As much as Pixar tells us that they are harmless and only come to life to follow us in the car when we move and protect us, it is inevitable to be afraid of our toys when the lights go out.

From ‘El muneco’ from ‘Stories to not sleep’ to ‘Puppet master’, ‘Dolls’ or the most modern ‘Annabelle’, toys that open our eyes to try to kill us are part of the collective imagination. Now, ‘M3gan’ comes to join it,  borrowing from here and there but, at the same time, feeling like something completely original.

This was a triumph

The first minutes of ‘M3gan’ completely set the tone for what will follow after. Instead of focusing on a murder, a factory struck by lightning, or a murderer creating a robot, we see an ad for adorable, eternal kitties that eat thanks to an app, relieve themselves, and talk in a, shall we say, modern way. From the beginning, the film indicates that what we are going to see is suitable for teenagers, but it will have a bad mood that will fly over it continuously.

The Blumhouse film draws heavily on three basic references: Chucky’s personality, the irony of GLaDOS (the antagonist of the fabulous ‘Portal’) and the anti-pantalism of the always influential ‘Black Mirror’. You have seen the cocktail that comes out before, and from the beginning you can decide the basic lines that the film will follow (from which it will not distance itself at any time), but the important thing, once again, is not the what, but the What.

‘M3gan’ is not a horror movie, or at least not to use: yes, it has a doll with murderous desires, but it is so concerned with being light that it becomes a hilarious comedy in which, by the way, there are some What another murder somewhat lacking in originality and gore. If you go to the movies willing to scare yourself, you’re going to be deeply disappointed. Now, if you go with an open mind, you are before a not inconsiderable mix of genres that will leave you satisfied.

I’m making a note here: Huge Success

The biggest flaw of ‘M3gan’ is not playing adult horror comedy: all the murders take place out of shot and we practically don’t see anything of them, with some less bloody and cruel exception. By focusing on humor, the film evades any pretense of terror, something that works slightly against it. Trying to get more in touch with adolescents, paradoxically he loses what interests a public full of hormones the most: scares.

In return, the film, directed by Gerard Johnston who already tried his luck in the horror comedy ‘Housebound’, shows a unique tone and a different approach to the world of murderous dolls: M3gan does not have the soul of a psychopath inside, nor does it intend to end everyone for good. In fact, he has more in common with Asimov’s robots than with a typical Slappy: his protection orders are clear and he intends to follow them to the last consequences.

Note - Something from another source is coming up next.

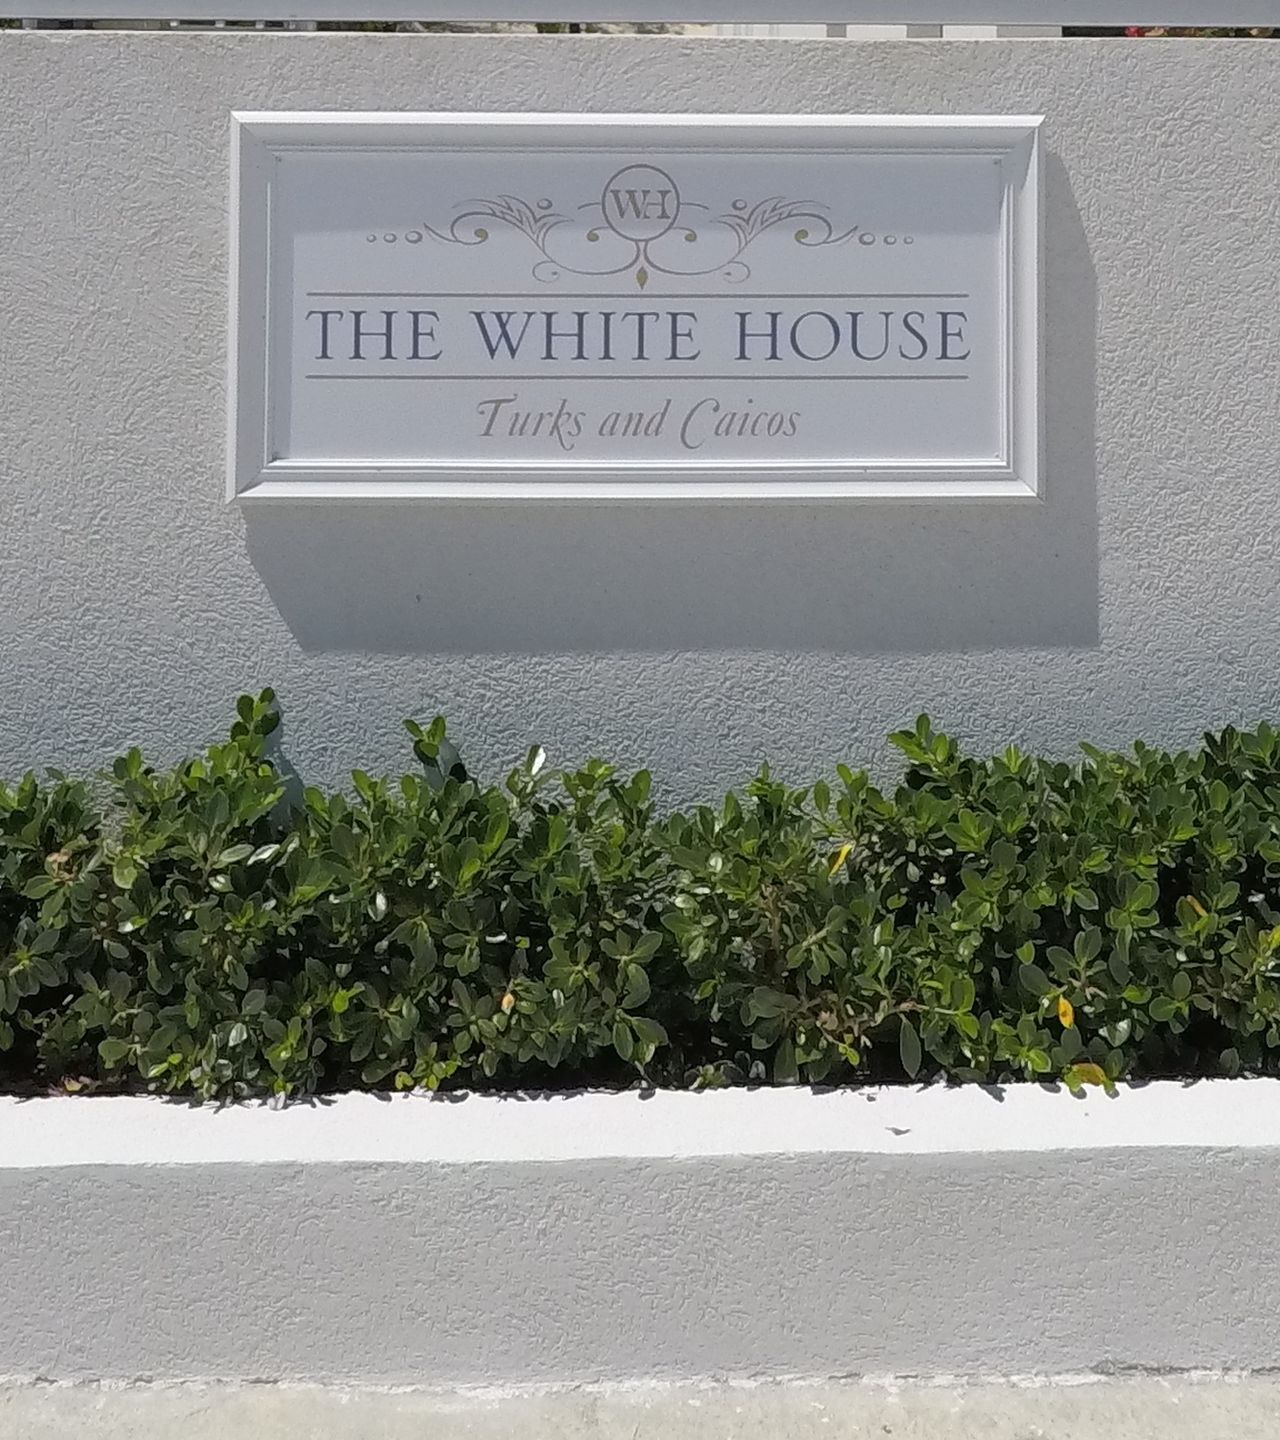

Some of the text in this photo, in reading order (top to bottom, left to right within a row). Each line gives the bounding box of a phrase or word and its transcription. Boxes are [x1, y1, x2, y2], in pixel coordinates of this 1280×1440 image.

The film evades an insane environment typical of horror films to turn it into an industrial, capitalist one, more concerned with the semester’s data and finishing the modeling on time than with the possible immorality of an android girl who learns as she is used. and whose acts are unpredictable. Horror movies, since Charlie Brooker, put aside the ancient curses to focus on the terror of the immediate future. The little screen, what would our parents say.

And while you’re dying I’ll be still alive

The design of the assassin android is an absolute success: no one would be surprised to see her in the near future as an evolution of voice assistants. And it is that, deep down, M3gan is nothing more than that, only with improved artificial intelligence, permanently connected to the Internet and with the ability to make its own decisions. Even if those decisions are to put the knife to an enemy of her primary user.

After making the best horror comedies of the decade (the fabulous ‘Happy Death Day’ and its incredible sequel), Blumhouse has tried to follow the thread of mixing a genre defenestrated by critics with another ignored by the public. The result is hilarious: the film’s black sense of humor has not been present in such a blunt and shameless way for a long time. Because, above all, ‘M3gan’ is a film that knows it has nothing to lose and decides to be itself from beginning to end, without concessions to the mainstream.

From its beginning, more typical of a channel like Boing, to a hilarious final battle, the film has no problem showing all its cards and taking its proposal to the limit. It’s not just Chucky’s jokes: everyone here, from the police to the gossipy neighbor, has moments of comedy that will only work if you’re willing to accept them. The big problem for ‘M3gan’ is going to be finding its audience, something that seems difficult if through the promotional material you think that they are going to see a new ‘Annabelle’ and that it will probably come out confused and repeating the usual “It’s more than scary It’s funny” without wanting to realize that, indeed, that is what should happen: after all, it is a comedy.